**Problem to work on**
Any picture in the records below stays out; return everything else exactly.

**Extracted information**
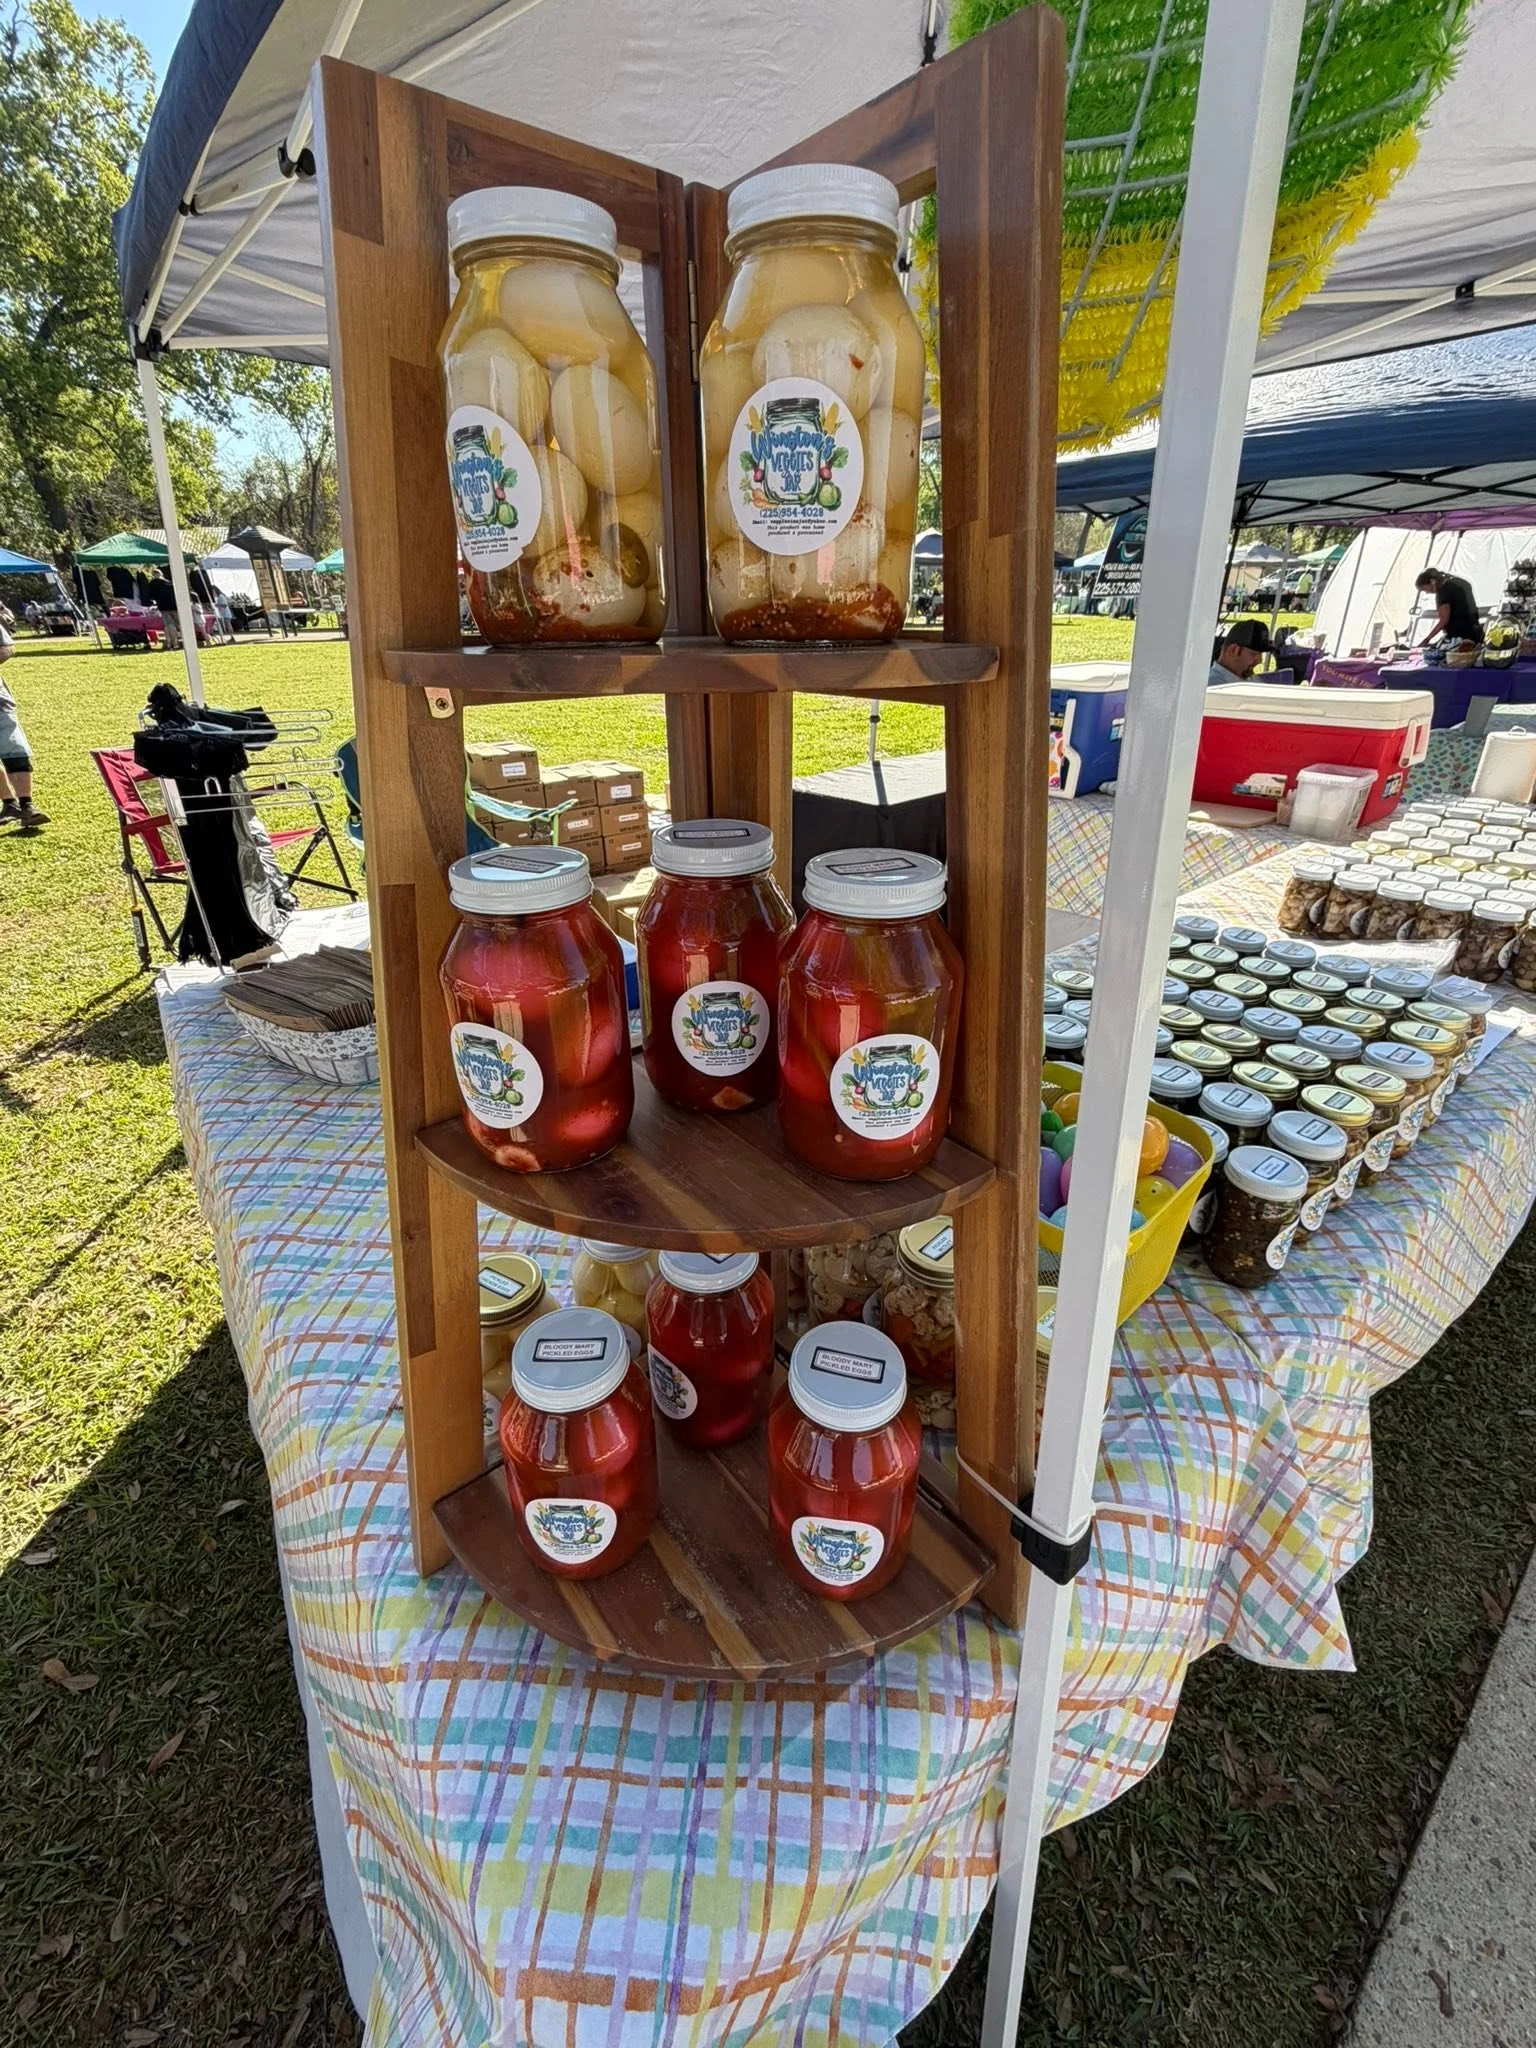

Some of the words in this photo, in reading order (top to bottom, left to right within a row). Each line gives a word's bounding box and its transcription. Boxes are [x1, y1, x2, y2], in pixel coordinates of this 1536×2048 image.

[751, 425, 836, 460] Winston's
[771, 451, 814, 472] VEGGIES
[780, 474, 802, 492] JAR
[760, 507, 824, 519] (225)954-4028
[820, 1360, 850, 1372] PICKLED
[852, 1367, 872, 1376] EGGS
[822, 1354, 852, 1364] BLOODY
[852, 1360, 874, 1369] MARY

**Solution for this task**
Some of the words in this photo, in reading order (top to bottom, left to right within a row). Each line gives a word's bounding box and its transcription. Boxes are [x1, y1, x2, y2], in pixel coordinates of this 1536×2048 image.

[751, 425, 836, 460] Winston's
[771, 451, 814, 472] VEGGIES
[780, 474, 802, 492] JAR
[760, 507, 824, 519] (225)954-4028
[820, 1360, 850, 1372] PICKLED
[852, 1367, 872, 1376] EGGS
[822, 1354, 852, 1364] BLOODY
[852, 1360, 874, 1369] MARY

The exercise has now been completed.